■ Activity
Please retype all of the entries that follow, leaving the images out.

■ Data to process
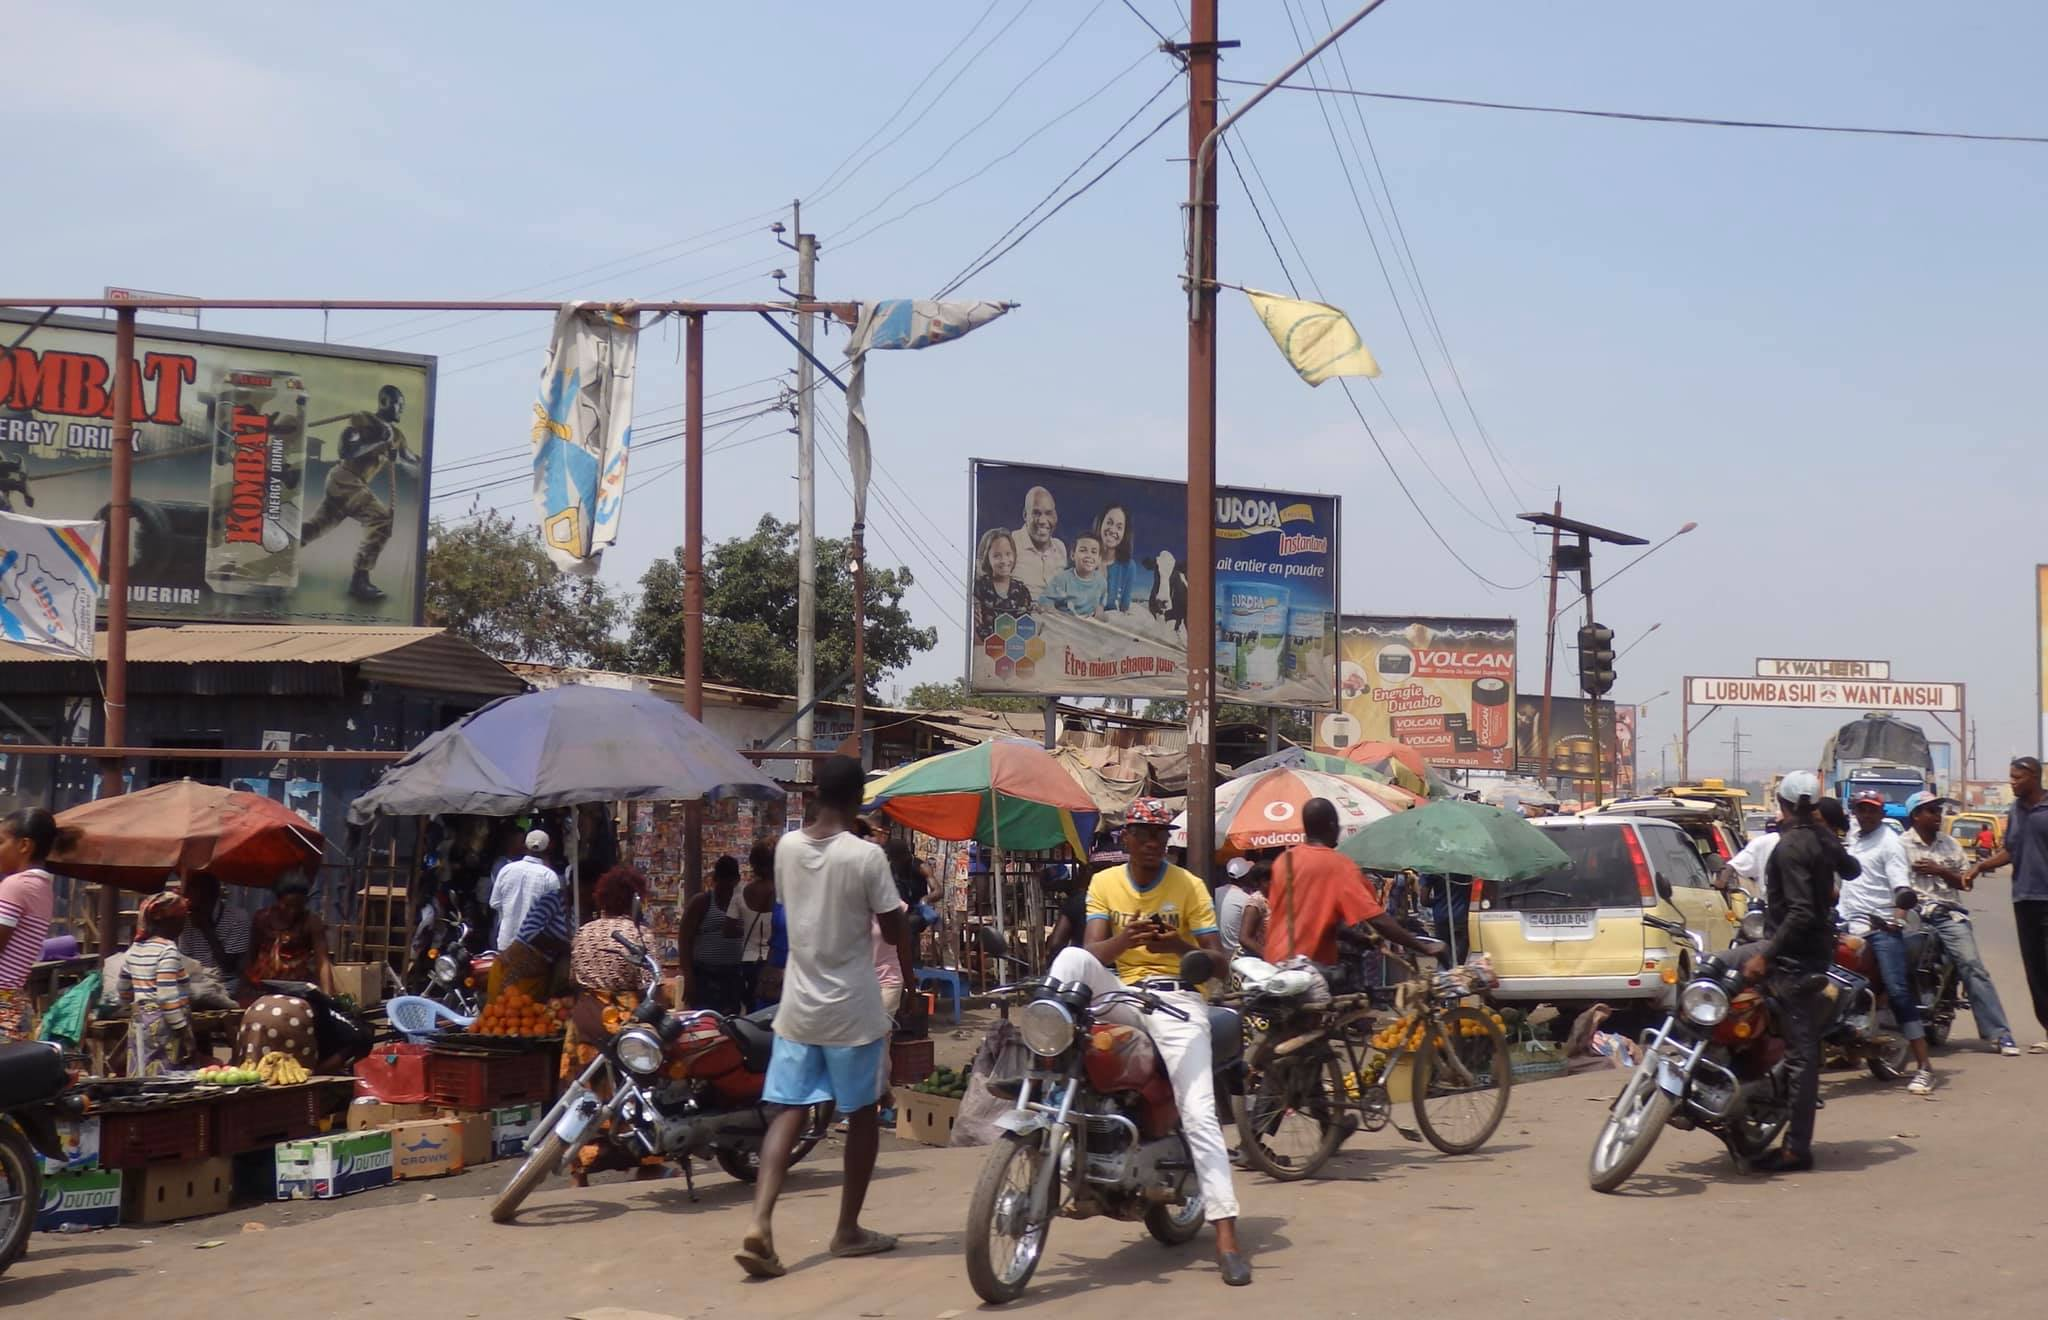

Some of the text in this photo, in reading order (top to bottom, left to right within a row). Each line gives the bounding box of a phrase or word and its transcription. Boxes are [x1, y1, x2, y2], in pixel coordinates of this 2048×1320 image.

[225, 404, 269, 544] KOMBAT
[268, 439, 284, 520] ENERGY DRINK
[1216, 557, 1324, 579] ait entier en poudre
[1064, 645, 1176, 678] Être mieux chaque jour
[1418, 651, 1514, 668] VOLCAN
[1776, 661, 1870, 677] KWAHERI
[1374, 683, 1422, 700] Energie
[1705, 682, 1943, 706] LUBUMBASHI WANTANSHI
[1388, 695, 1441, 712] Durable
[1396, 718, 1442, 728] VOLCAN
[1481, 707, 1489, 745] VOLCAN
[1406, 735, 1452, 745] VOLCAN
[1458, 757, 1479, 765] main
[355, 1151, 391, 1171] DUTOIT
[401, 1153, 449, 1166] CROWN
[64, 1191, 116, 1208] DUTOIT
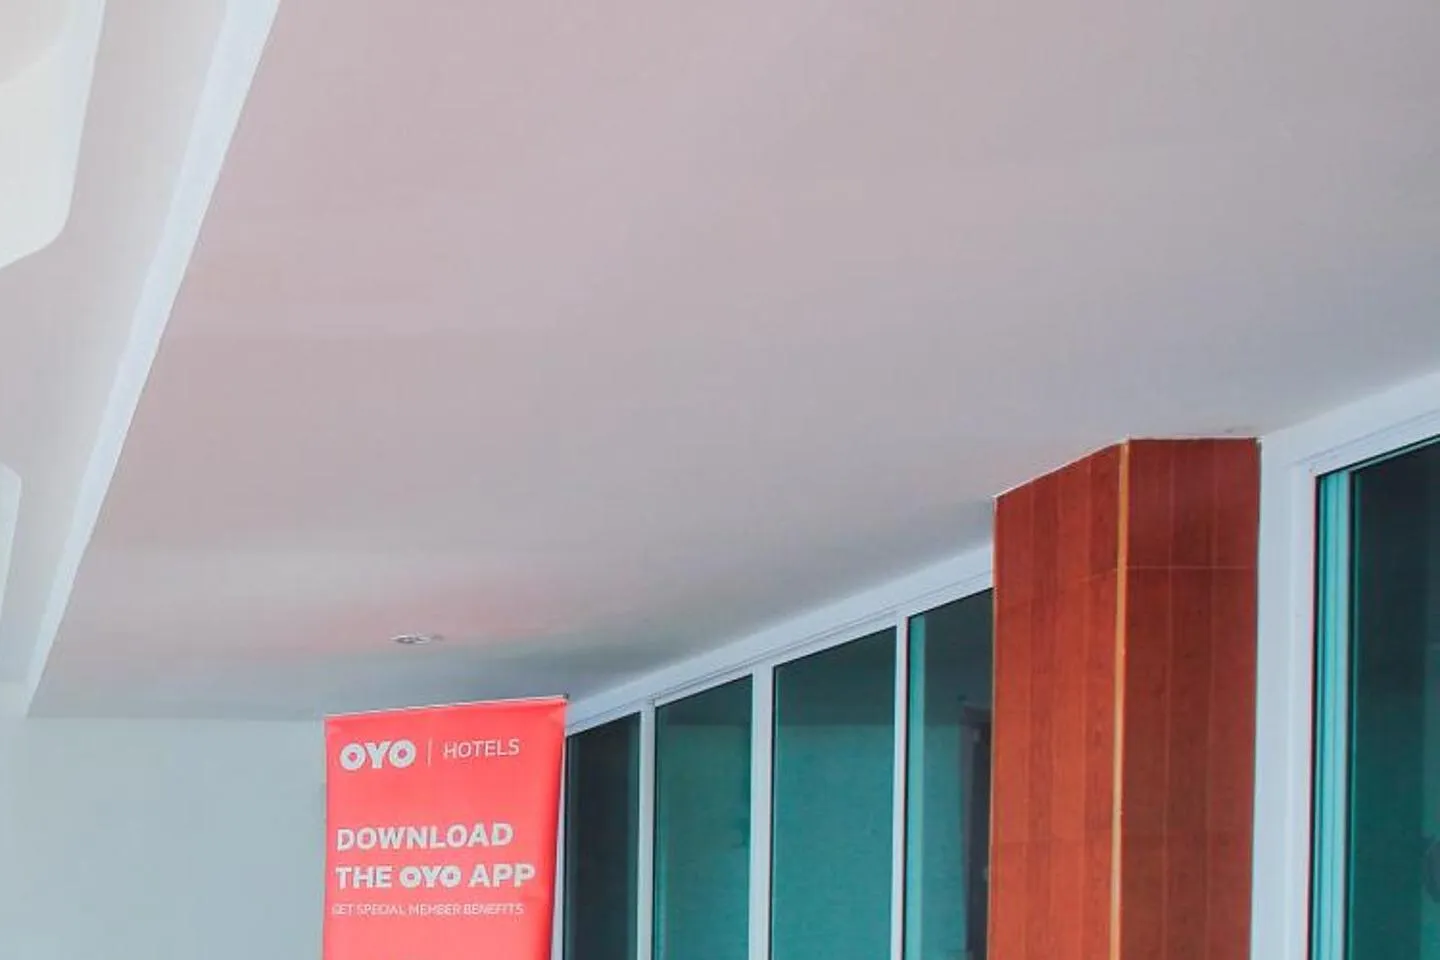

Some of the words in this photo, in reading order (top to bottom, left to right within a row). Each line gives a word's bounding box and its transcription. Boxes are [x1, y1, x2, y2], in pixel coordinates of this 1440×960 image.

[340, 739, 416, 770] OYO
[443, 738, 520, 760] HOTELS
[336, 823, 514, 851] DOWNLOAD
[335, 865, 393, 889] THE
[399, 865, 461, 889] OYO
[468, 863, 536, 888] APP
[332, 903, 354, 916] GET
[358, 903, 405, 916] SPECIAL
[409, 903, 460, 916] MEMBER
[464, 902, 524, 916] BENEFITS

■ Result below
Some of the text in this photo, in reading order (top to bottom, left to right within a row). Each line gives the bounding box of a phrase or word and its transcription. Boxes are [x1, y1, x2, y2], in pixel coordinates of this 2048×1320 image.

[225, 404, 269, 544] KOMBAT
[268, 439, 284, 520] ENERGY DRINK
[1216, 557, 1324, 579] ait entier en poudre
[1064, 645, 1176, 678] Être mieux chaque jour
[1418, 651, 1514, 668] VOLCAN
[1776, 661, 1870, 677] KWAHERI
[1374, 683, 1422, 700] Energie
[1705, 682, 1943, 706] LUBUMBASHI WANTANSHI
[1388, 695, 1441, 712] Durable
[1396, 718, 1442, 728] VOLCAN
[1481, 707, 1489, 745] VOLCAN
[1406, 735, 1452, 745] VOLCAN
[1458, 757, 1479, 765] main
[355, 1151, 391, 1171] DUTOIT
[401, 1153, 449, 1166] CROWN
[64, 1191, 116, 1208] DUTOIT

Some of the words in this photo, in reading order (top to bottom, left to right within a row). Each line gives a word's bounding box and its transcription. Boxes are [x1, y1, x2, y2], in pixel coordinates of this 1440×960 image.

[340, 739, 416, 770] OYO
[443, 738, 520, 760] HOTELS
[336, 823, 514, 851] DOWNLOAD
[335, 865, 393, 889] THE
[399, 865, 461, 889] OYO
[468, 863, 536, 888] APP
[332, 903, 354, 916] GET
[358, 903, 405, 916] SPECIAL
[409, 903, 460, 916] MEMBER
[464, 902, 524, 916] BENEFITS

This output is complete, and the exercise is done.